Racial Climate and Belonging: Experiences of Black Students at Traditionally White Liberal Arts Colleges
thesisposted on 25.07.2018 by Erin M Hoffman
In order to distinguish essays and pre-prints from academic theses, we have a separate category. These are often much longer text based documents than a paper.
Troubling college graduation rates in the United States, and disparities in completion rates between students of color and White students, persist even after more than 40 years of exploring the college completion phenomenon. This study follows a line of critique of Tinto’s (1975; 1993) theory of student departure and posits that traditional discussions of student retention do not adequately center the experience of racism that students of color face in traditionally white institution (TWI) environments.

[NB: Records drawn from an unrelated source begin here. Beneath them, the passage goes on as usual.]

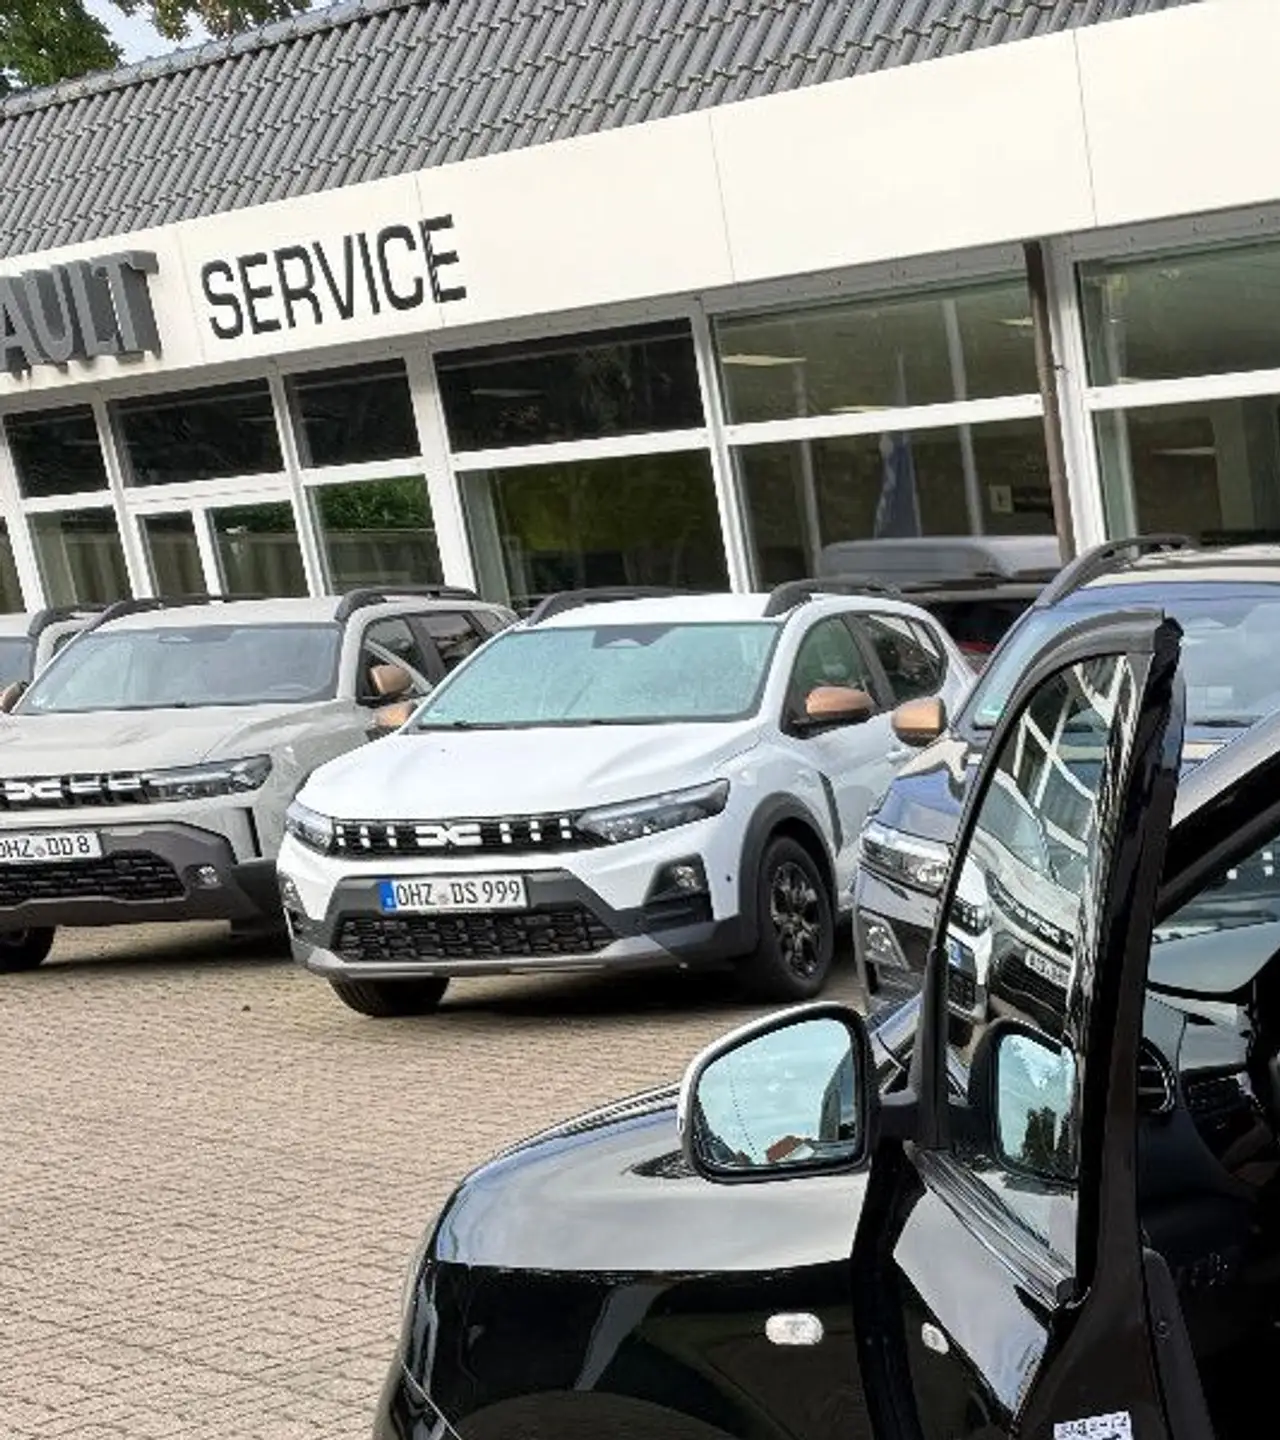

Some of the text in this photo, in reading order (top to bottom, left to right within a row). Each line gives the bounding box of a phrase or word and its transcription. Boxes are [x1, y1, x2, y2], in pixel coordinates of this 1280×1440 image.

[203, 213, 467, 340] SERVICE
[45, 837, 73, 856] DD
[77, 835, 91, 854] 8
[396, 883, 436, 906] OHZ
[451, 881, 478, 904] DS
[482, 880, 521, 903] 999

The aim of this study, guided by critical race theory (CRT), is to understand the experience of Black students at TWI in order to challenge current perspectives of student success and retention, and work towards creating more socially just and inclusive campuses. This multiple case study uses qualitative methods to explore the experiences of fourteen Black college students at three traditionally white liberal arts colleges in the Midwest and considers how the campus racial climate (Hurtado, Milem, Clayton-Pederson, & Allen, 1998) impacts Black students’ sense of belonging (Strayhorn, 2012), and persistence in college. Findings from this case study reveal the racial climate challenges of Black students specifically within the traditionally white liberal arts college environment, expose the nuance of these institutional contexts as well as facades of progress, and recommend key institutional investments in faculty hiring and development as well as in developing critical spaces of trust, empowerment, and healing for Black students.